Studio album by Shawn Amos
- Released: September 13, 2005
- Genre: Folk rock
- Length: 35:55
- Label: Shout! Factory
- Producer: Anthony Marinelli, Shawn Amos

Shawn Amos chronology
| In Between (2002) | Thank You Shirl-ee May (A Love Story) (2005) | Harlem (2011) |

= Thank You Shirl-ee May =

Thank You Shirl-ee May (A Love Story) is Shawn Amos's second studio album. It was released in 2005 on Shout! Factory.

With his second release, Amos chronicles the career of his mother, a club singer in the 1960s. Shawn discovered his mother’s professional life as Shirl-ee May only after her suicide in July 2003. Amos says album is a tender tribute to his mother, Shirlee Ellis Amos.

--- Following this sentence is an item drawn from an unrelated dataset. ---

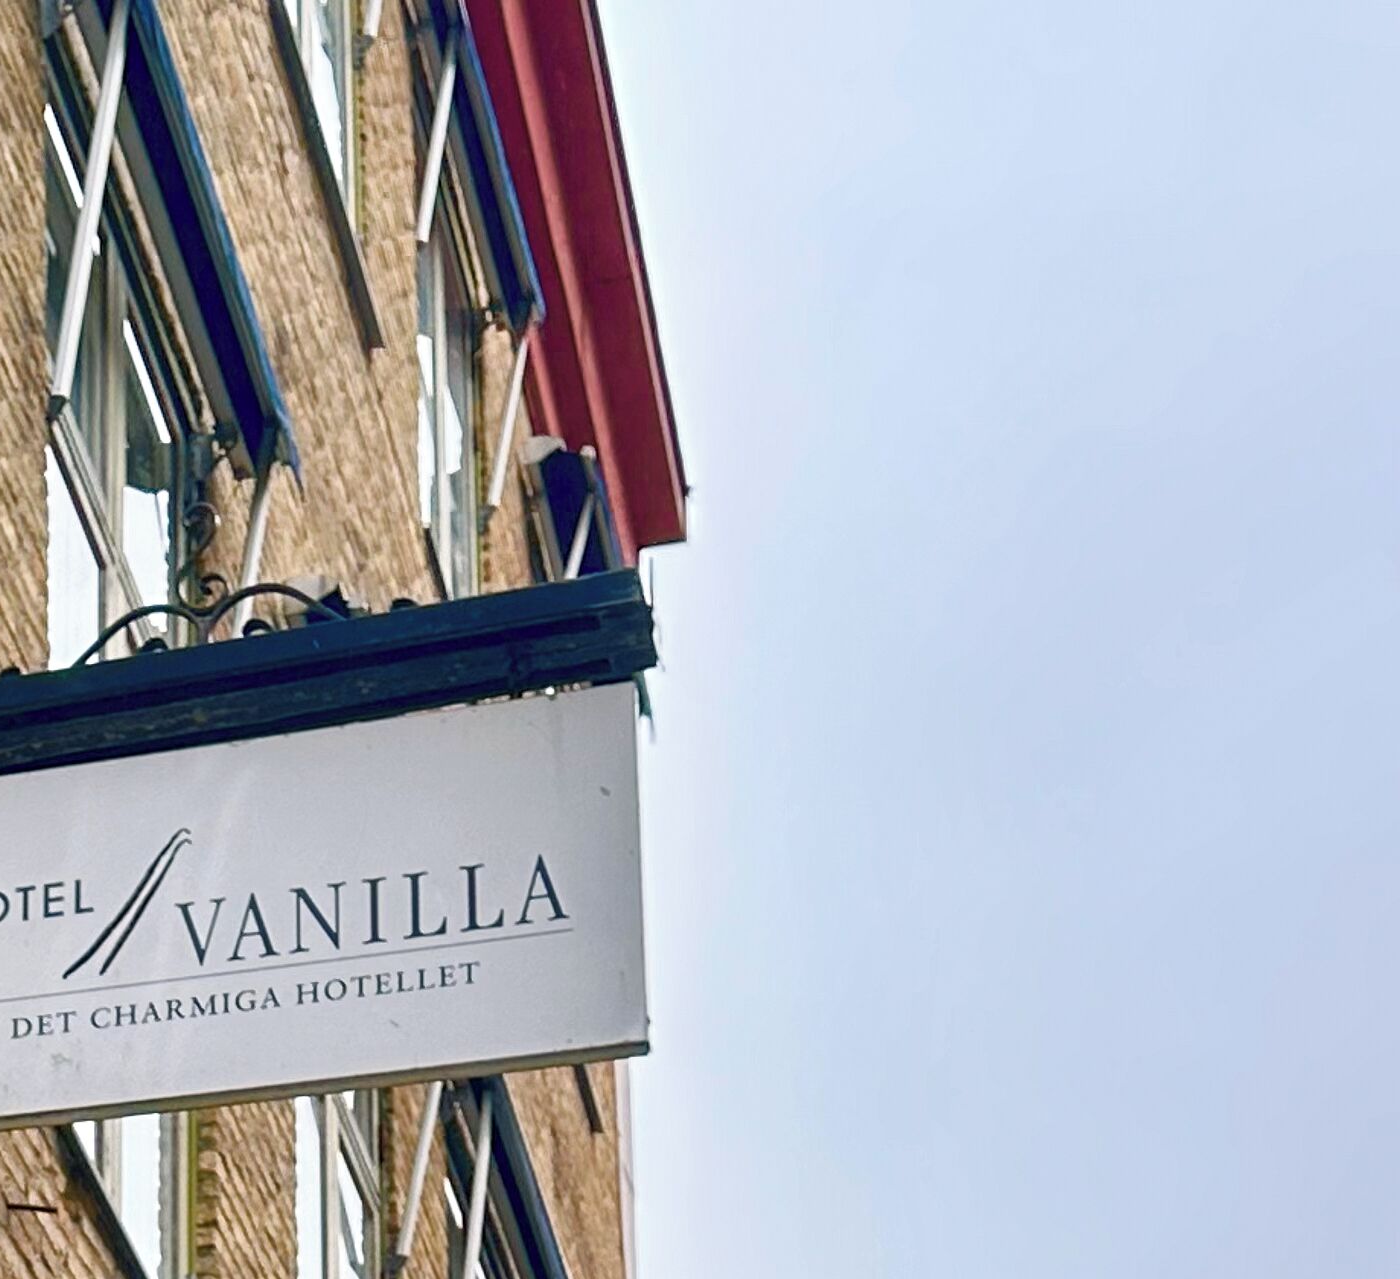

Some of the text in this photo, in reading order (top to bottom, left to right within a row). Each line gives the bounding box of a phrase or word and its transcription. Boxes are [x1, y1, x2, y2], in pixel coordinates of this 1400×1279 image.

[175, 854, 569, 967] VANILLA
[11, 961, 481, 1039] DET CHARMIGA HOTELLET

Songs like " "New York City 1964" and "The Bottle Always Brings Me Down" explore the life of the singer known as Shir-lee May.

==Track listing==

| No. | Title | Length |
|---|---|---|
| 1. | "Thank You Shirl-ee May" | 2:26 |
| 2. | "New York City 1964 (A Letter Home)" | 3:55 |
| 3. | "Bubble Hill" | 4:38 |
| 4. | "You're Groovy (For Boy Blue)" | 2:50 |
| 5. | "Make It" | 3:28 |
| 6. | "The Bottle Always Brings Me Down" | 3:19 |
| 7. | "Getting Over" | 3:29 |
| 8. | "(What's) Good Inside" | 3:23 |
| 9. | "Dear Lord (written by Joseph Arthur)" | 4:35 |
| 10. | "Bad Timing" | 3:52 |
| Total length: |  | 35:55 |

==Background==
Throughout Amos' childhood and adulthood, his mother suffered from schizoaffective disorder and ultimately committed suicide in 2003. The trauma of the event and his subsequent discovery of her early singing career were the inspiration behind his 2005 album release Thank You Shirl-ee May. He has since donated his time to the mental health organizations Didi Hirsch Community Mental Health Center in Los Angeles and the Rita Project in New York. Amos has also dedicated much of his time to local non-profit organizations dedicated to working with at-risk youth.

==Players==
- Shawn Amos (vocals)
- Garrison Starr, Solomon Burke (vocals)
- Ben Peeler (guitar, lap steel guitar)
- Patrick Milligan (acoustic guitar, banjo, bass guitar, background vocals)
- Clint Bennett (acoustic guitar)
- Ray Parker Jr., David E. Williams (electric guitar)
- David Henry (cello)
- Chuck Findley (trumpet, flugelhorn)
- Anthony Marinelli (piano, Wurlitzer piano, ARP synthesizer, Moog synthesizer)
- John Thomas (piano)
- Roger Len Smith (bass instrument)
- Tim Landers (double bass, bass guitar)
- Gregg Bissonette (drums, tambourine)
- Robert Jolly (drums)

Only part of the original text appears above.